Factor covariance backend

RMT-cleaned covariances (constant-residual-eigenvalue / eigenvalue clipping) and commercial factor risk models share the structure

$$\Sigma = D + U \Delta U^\top, \qquad D \succ 0 \text{ diagonal},\; U \in \mathbb{R}^{n \times k},\; k \ll n,$$

a diagonal matrix plus a low-rank term. The FactorCovariance backend exploits this structure through the Woodbury identity: the critical line algorithm runs in $O(n(k+m))$ memory and each turning point costs $O(n_F k^2 + k^3)$ instead of $O((n_F+m)^3)$ — no $n \times n$ matrix is ever formed.

Usage

import numpy as np
from cvxcla import CLA, FactorCovariance

n, k = 10_000, 50
rng = np.random.default_rng(0)

covariance = FactorCovariance(
    d=rng.uniform(0.1, 0.5, n),            # idiosyncratic variances
    u=rng.standard_normal((n, k)),         # factor loadings
    delta=rng.uniform(0.5, 2.0, k),        # factor (co)variances, (k,) or (k, k)
)

frontier = CLA(
    mean=rng.uniform(0.0, 0.1, n),
    covariance=covariance,                 # any ndarray still works as before
    lower_bounds=np.zeros(n),
    upper_bounds=np.ones(n),
    a=np.ones((1, n)),
    b=np.ones(1),
).frontier

CLA accepts either a plain numpy covariance matrix (wrapped automatically in DenseCovariance) or any object implementing the CovarianceOperator protocol:

class CovarianceOperator(Protocol):
    n: int
    def matvec(self, x): ...               # Sigma @ x
    def solve_free(self, free, rhs): ...   # Sigma[free][:, free]^{-1} @ rhs
    def cross(self, free, x): ...          # Sigma[free][:, ~free] @ x[~free]

RMT-cleaned covariances

Eigenvalue clipping at the Marchenko–Pastur edge produces exactly this structure: keeping the $k$ eigenpairs $(\lambda_i, v_i)$ above the edge and replacing the rest by their average $\bar{d}$ gives

$$\Sigma_{\text{clean}} = \bar{d}\, I + V_k (\Lambda_k - \bar{d} I) V_k^\top,$$

i.e. FactorCovariance(d=np.full(n, d_bar), u=v_k, delta=lambda_k - d_bar). See the factor notebook for an end-to-end example: simulated returns → Marchenko–Pastur threshold → factors → exact frontier.

Benchmark

Full frontier (all turning points) of random long-only factor-model problems, $k = n/20$, budget constraint, run with experiments/factor_benchmark.py (Apple Silicon, single seed; the dense column wraps the same problem in a plain numpy matrix):

n k turning points dense (s) factor (s) speedup
500 25 505 0.42 0.08 5x
2000 100 2051 31.90 1.34 24x
5000 250 5166 726.72 20.08 36x

At $n = 20{,}000$, $k = 100$ the dense path would need 3.2 GB for the covariance alone; the factor backend traces a frontier at that size in a fraction of a second (see tests/test_operators.py::TestFactorLargeScale).

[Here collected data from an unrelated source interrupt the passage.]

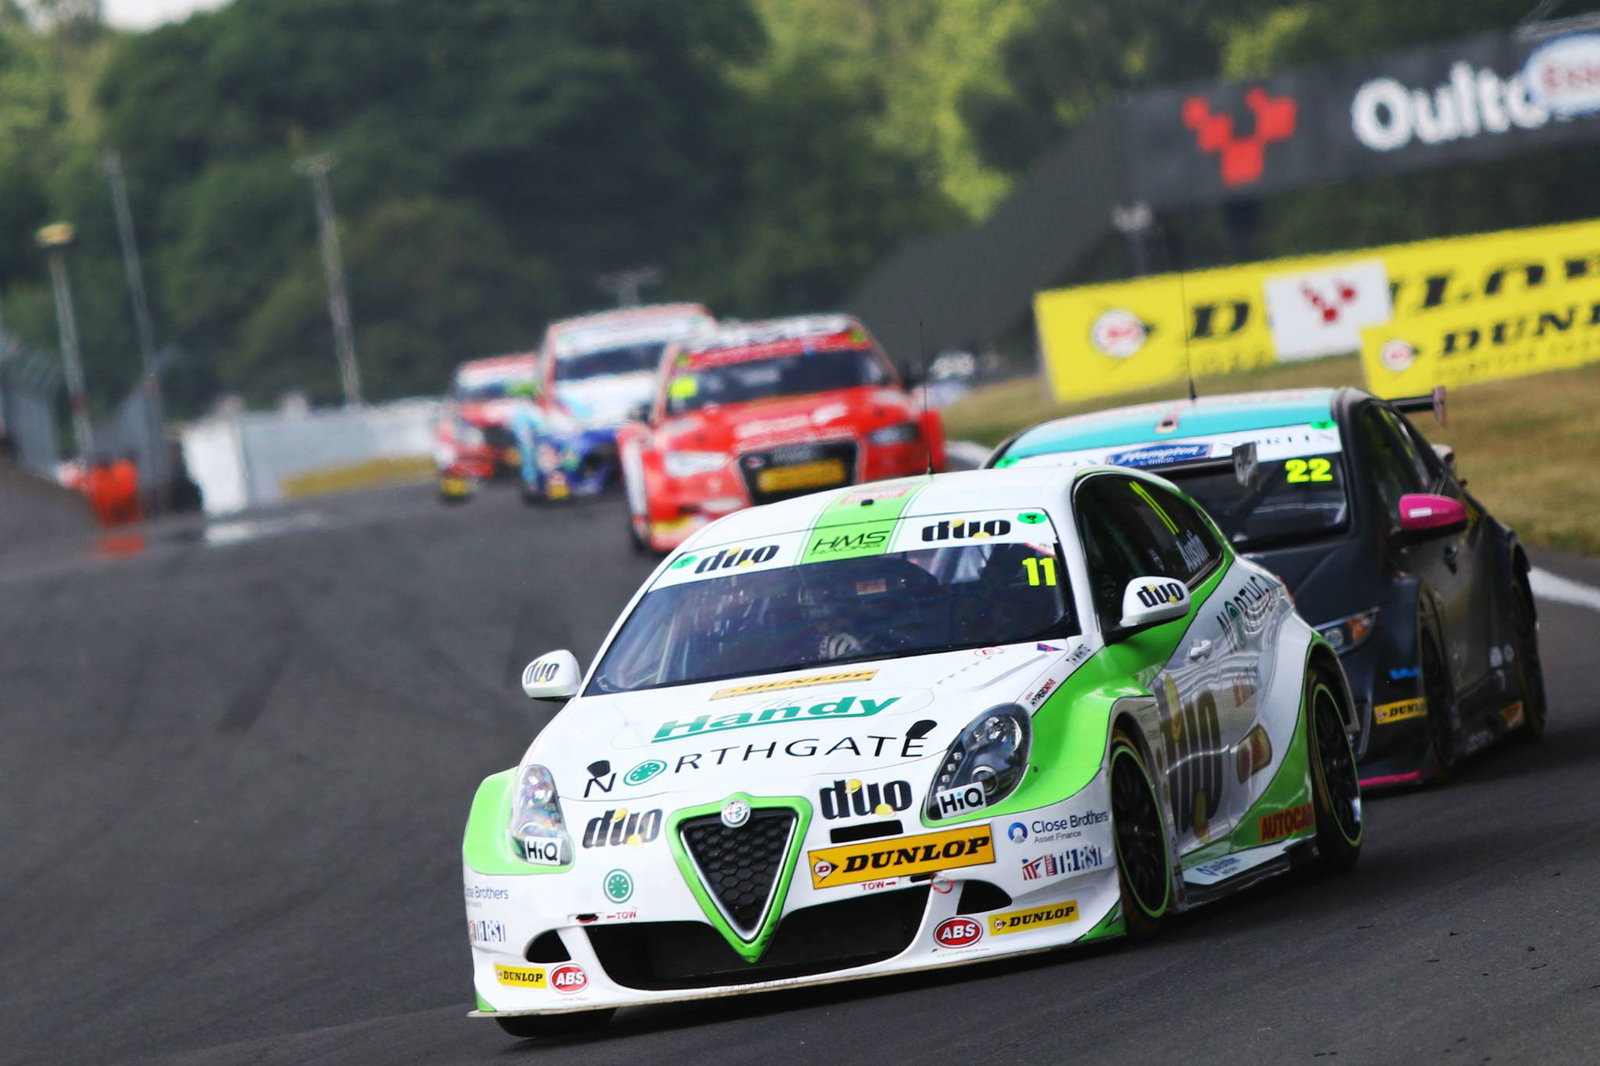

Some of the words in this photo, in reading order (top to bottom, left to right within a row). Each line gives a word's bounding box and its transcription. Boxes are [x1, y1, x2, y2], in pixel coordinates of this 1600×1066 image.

[1352, 61, 1551, 152] Oulto
[1285, 457, 1333, 484] 22
[813, 530, 890, 551] HMS
[922, 520, 1011, 543] duo
[694, 545, 780, 575] duo
[1022, 557, 1057, 587] 11
[1137, 582, 1184, 608] duo
[526, 661, 560, 685] duo
[651, 696, 902, 744] Handy
[820, 779, 912, 819] duo
[939, 787, 984, 814] HiQ
[583, 808, 663, 849] duo
[1032, 819, 1068, 834] Close
[1069, 809, 1110, 829] Brothers
[1260, 803, 1314, 843] AUTOCA
[1034, 833, 1055, 843] Asset
[1055, 830, 1082, 841] Finance
[526, 840, 559, 863] HiQ
[843, 835, 990, 874] DUNLOP
[861, 881, 885, 891] TOW
[616, 910, 637, 919] TOW
[1008, 905, 1075, 928] DUNLOP
[940, 924, 976, 941] ABS
[502, 970, 544, 984] DUNLOP
[555, 972, 586, 986] ABS

The dense path spends $O((n_F+m)^3)$ per turning point on the free-block solve (plus the $O(n^2)$ memory for the matrix itself), while the factor path solves the same system through the $k \times k$ Woodbury correction matrix.

References

  • Perold, Large-Scale Portfolio Optimization, Management Science 30(10), 1984.
  • Niedermayer & Niedermayer, Applying Markowitz's Critical Line Algorithm, 2010.
  • Schmelzer, Stoll, Wolf, From Marchenko–Pastur to Woodbury: Direct Solvers for Long-Only Mean-Variance Portfolios, 2026.